The UK included legislation to introduce the Diverted Profits Tax in the Finance Bill for 2015. Guidance on the tax was updated on 30 March 2015 to explain the changes to the provisions since the draft legislation was first published. The guidance explains how the provisions will work and gives examples of their effect on certain types of arrangement.

The tax applies to diverted profits that arise after 1 April 2015 and there are apportionment provisions to establish the relevant profits. The rate of tax is 25% of the diverted profits plus “true-up” interest. The “true-up interest” ensures fairness between cases in which HMRC charging notices are issued soon after the end of the accounting period and cases where notices are delayed.

Where the diverted profits are ring-fence profits or notional ring-fence profits in the oil sector the tax is charged at 55% plus interest.

The guidance indicates that the Diverted Profits Tax will apply to three types of arrangement:

  • An arrangement where a foreign company supplies goods, services or other property; the activity is designed to ensure that a permanent establishment (PE) is not created; and either the main purposes is to avoid UK tax or the arrangements secure a tax mismatch that significantly reduces the total tax derived from UK activities.
  • A situation where a UK company is using transactions or entities that do not have economic substance to exploit tax mismatches.
  • An arrangement where a foreign company with a UK taxable presence (a PE) exploits tax mismatches using transactions or entities that lack economic substance.

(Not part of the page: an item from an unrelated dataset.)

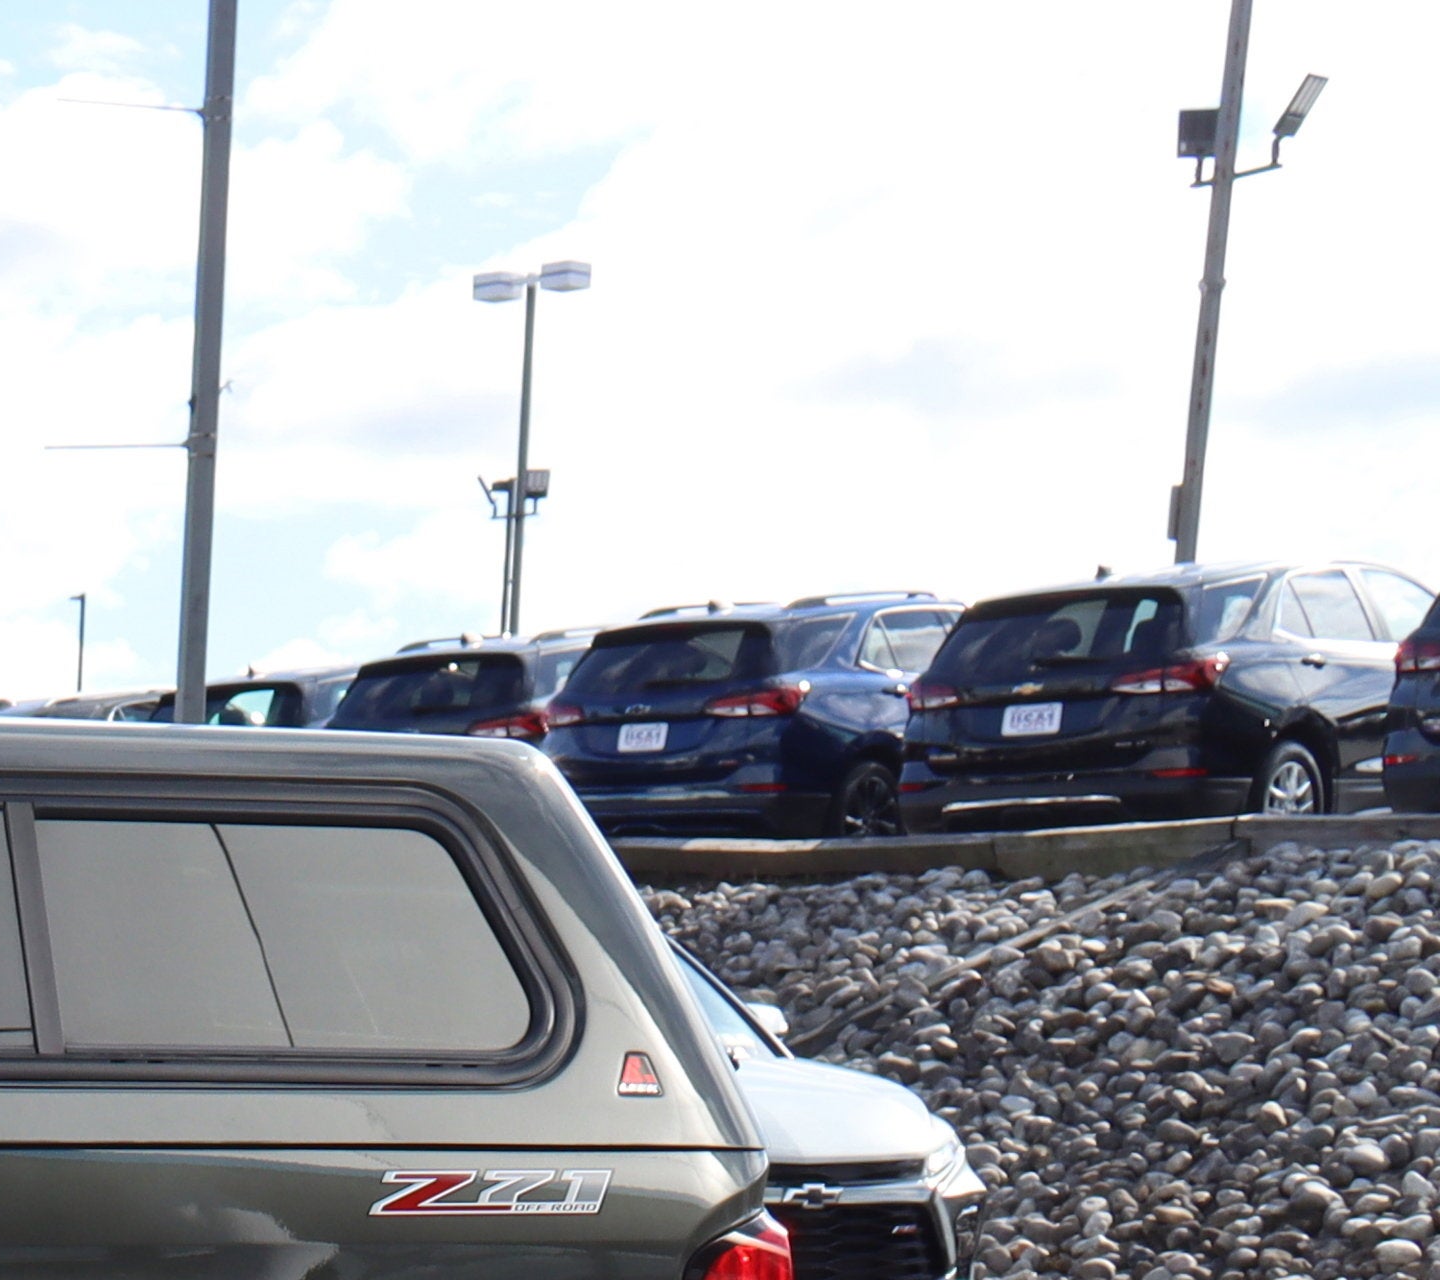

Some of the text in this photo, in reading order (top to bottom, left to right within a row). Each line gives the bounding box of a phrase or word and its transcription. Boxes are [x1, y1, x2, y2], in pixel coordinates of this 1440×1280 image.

The arrangements set up to divert profits would mainly involve foreign companies but the rules could also apply to structures that are wholly within the UK.

Exemptions

There are exemptions for small and medium enterprises (SMEs); companies that only have limited sales or expenses in the UK; or arrangements that only involve loan relationships.

The definition of an SME for purposes of the exemption follows the EU definition of an SME. A company will be treated as a large enterprise for the purposes of the tax from the first period when it does not fall within the SME definition. This would exempt enterprises employing fewer than 250 persons and with either an annual turnover not exceeding GBP 50 million or a balance sheet total not exceeding GBP 43 million.

Where a foreign company has sales activity in the UK it is exempt where the sales revenues of the foreign company (and connected companies) are no more than GBP 10 million in a 12-month accounting period; or its total UK-related expenses (subject to conditions for expenses of connected companies) in a 12-month accounting period are no greater than GBP 1 million.

Computation of tax payable

The amount of profits diverted from the UK is to be computed using the normal corporation tax rules including transfer pricing provisions except in cases where the transactions are recharacterized by the tax administration. In that case the amount of profits would be computed on a just and reasonable basis.

Charging notice

Companies will need to notify HMRC within three months of the end of the accounting period (extended to six months for periods ending on or before 31 March 2016) if they are potentially within the scope of the Diverted Profits Tax, unless they come within one of the exemptions. There will be a tax-geared penalty for failure to notify. If a charging notice is issued by HMRC the tax will be payable within 30 days of the issue of the notice.